Why are Boundaries Important in Your Personal Life?

Dec 18, 2023
Alison Arth and Kimberly Belle clinking Champagne coups

I got boundaries wrong for years, and fully expect to be honing this essential leadership practice for the rest of my days. 

What helped me most in the beginning was to remember what a boundary IS NOT, and I wonder if it might help you too: 

  • A boundary is not a demand of someone else. 
  • A boundary is not an idle threat. 
  • A boundary is not an ultimatum.
  • A boundary is not what you’d like someone else to do or say or be. 

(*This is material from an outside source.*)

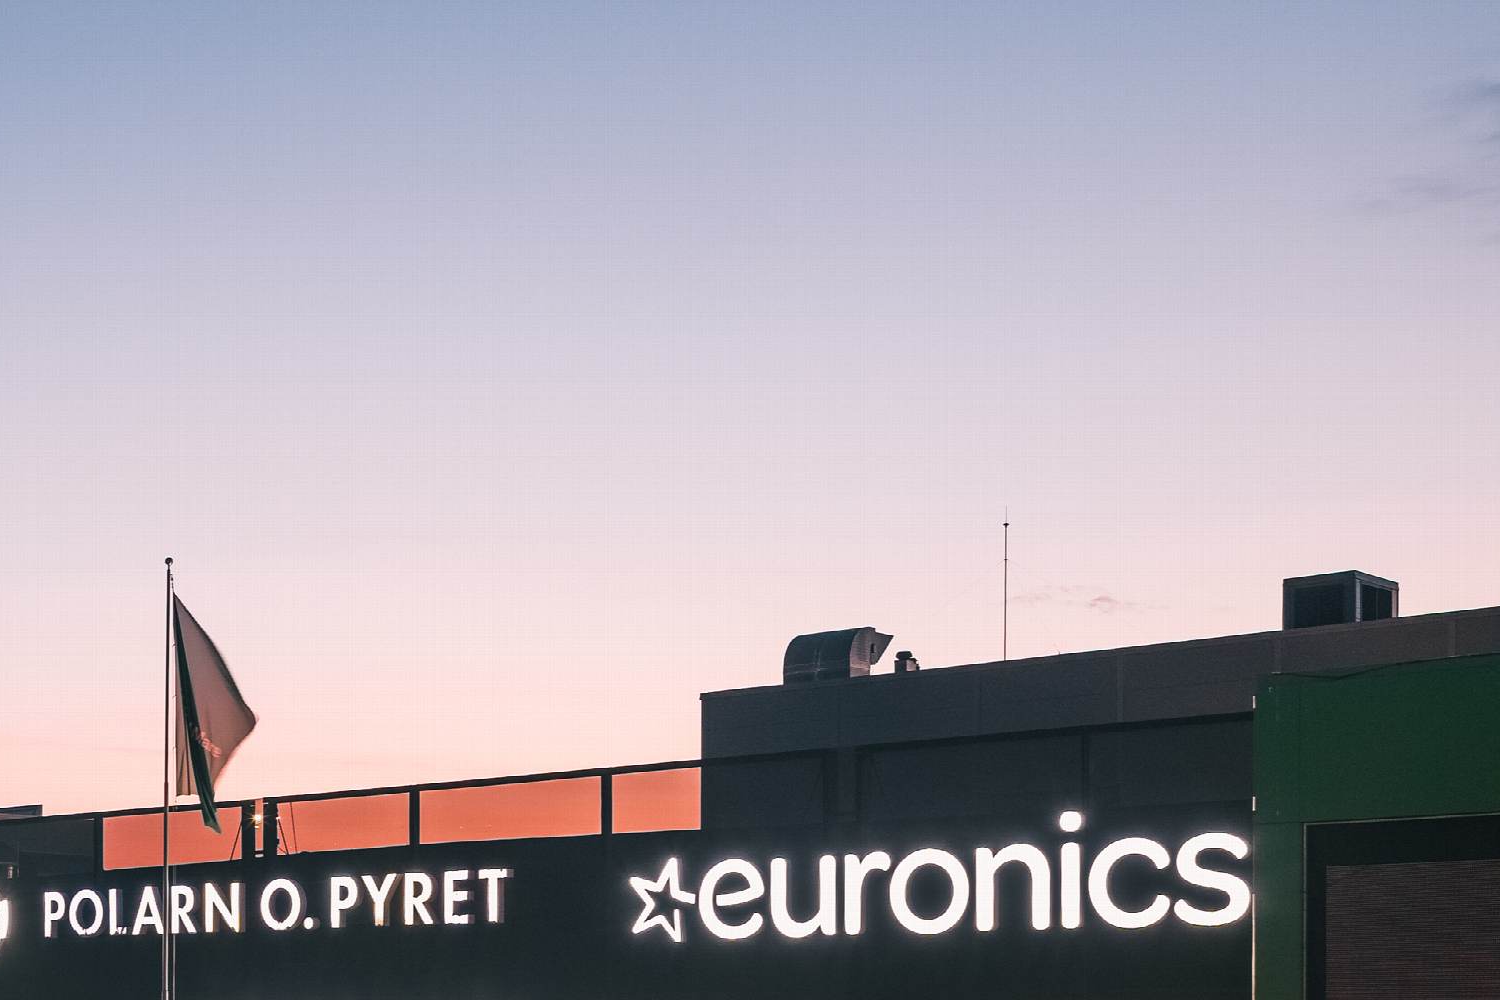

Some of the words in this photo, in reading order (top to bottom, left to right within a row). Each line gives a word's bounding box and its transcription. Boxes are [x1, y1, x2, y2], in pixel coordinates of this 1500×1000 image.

 And this last one’s for you recovering people-pleasers out there:

  • A boundary is not the same as learning to be more truthful about what you do and don’t want to do. I have a lot of clients who think they need to be setting more boundaries, when really, they need to stop saying “Yes” when what they mean is “No.” 

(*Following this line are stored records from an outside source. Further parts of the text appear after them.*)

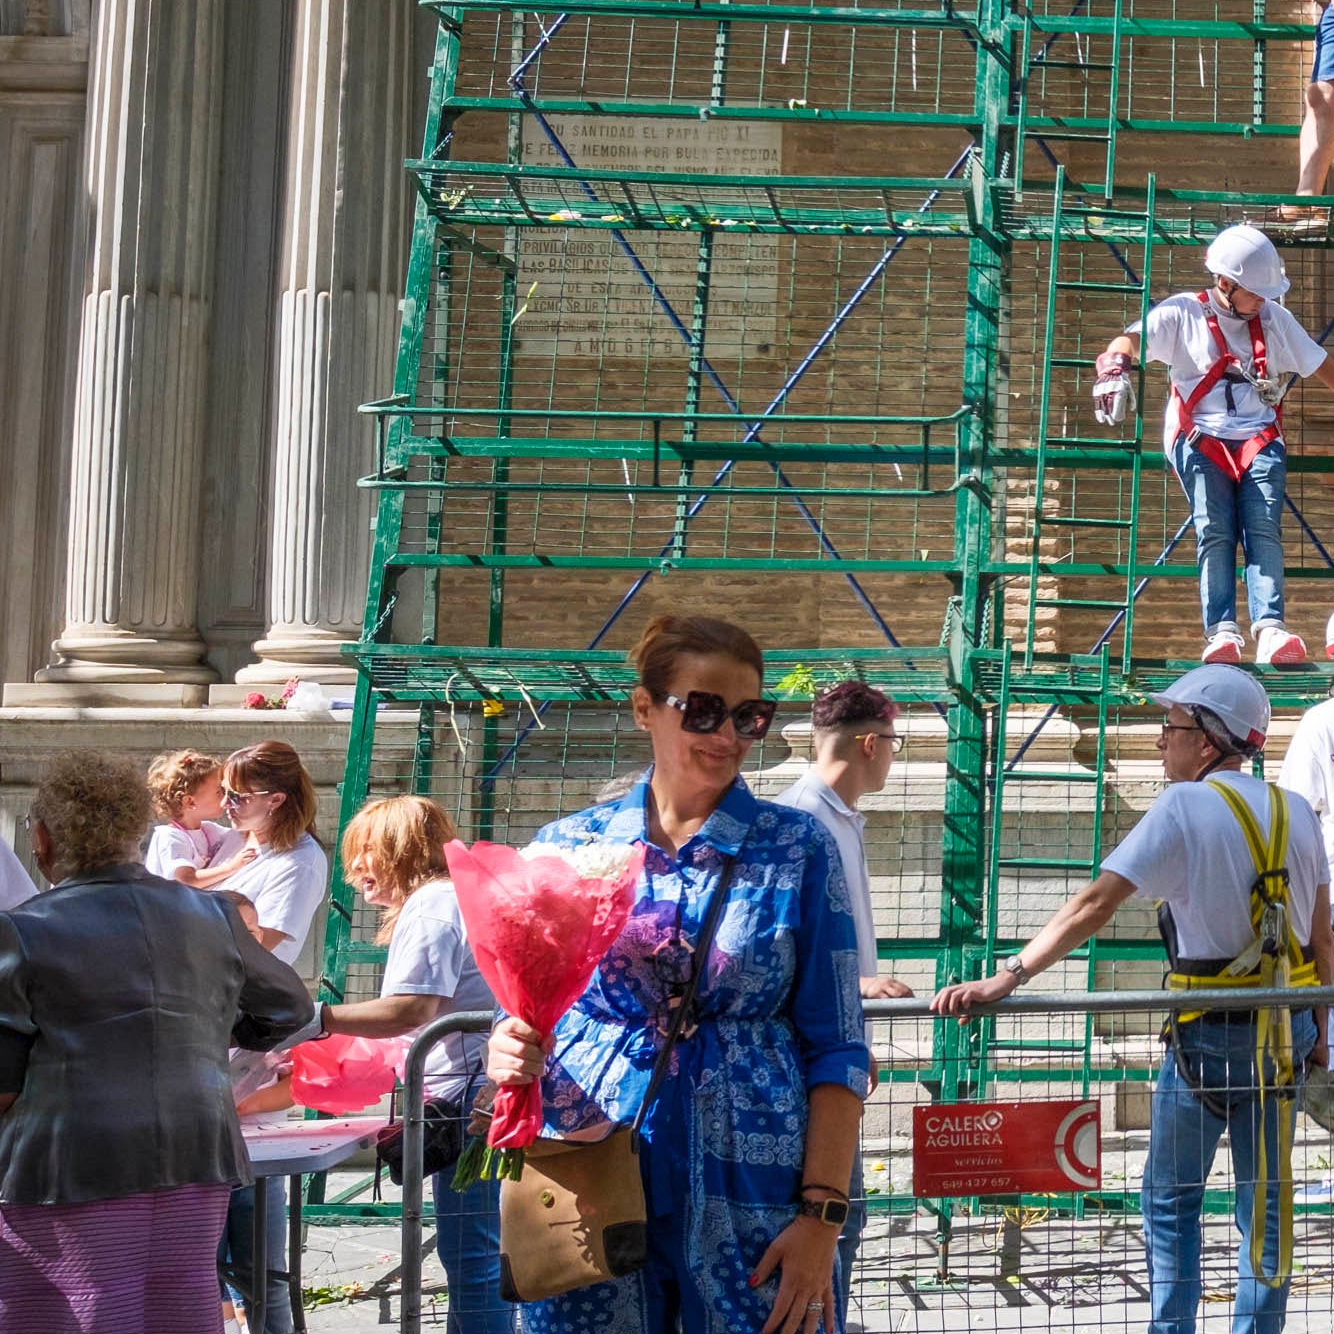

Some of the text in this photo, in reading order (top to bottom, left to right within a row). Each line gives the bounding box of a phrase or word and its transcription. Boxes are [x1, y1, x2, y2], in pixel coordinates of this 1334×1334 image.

[572, 125, 635, 139] SANTIDAD
[643, 127, 657, 139] EL
[582, 144, 638, 158] MEMORIA
[926, 1110, 1003, 1133] CALERO
[926, 1132, 1003, 1147] AGUILERA

A boundary is always a particular course of action YOU take to care for your own needs when a particular circumstance arises. Boundaries are one of the most effective ways of setting clear expectations in relationships, and they are required when someone has violated your physical or emotional property.

An interpersonal boundary is very much like a property boundary—it delineates where I end and you begin.

It’s a way of drawing a circle around ourselves and our behavior, just like the edge of a lawn marks where someone’s house ends and the sidewalk begins. 

Healthy personal boundaries promote self-responsibility and empowerment, they lead us out of the helplessness of victim consciousness and controlling behavior and into closer relationships with others. 


If you’re feeling resentful, confused, or disrespected in your relationships, you might benefit from naming clear boundaries. 


There are two parts to setting a boundary with someone else:

  1. THE REQUEST: Asking someone to start or stop doing something that infringes on your property (literally or emotionally)
  2. THE CONSEQUENCE: Telling that person what you will do if they do not comply with your request, or simply taking action 

A boundary names what you will do when someone chooses not to honor your request. It identifies an empowered action you will take when someone fails to meet your need.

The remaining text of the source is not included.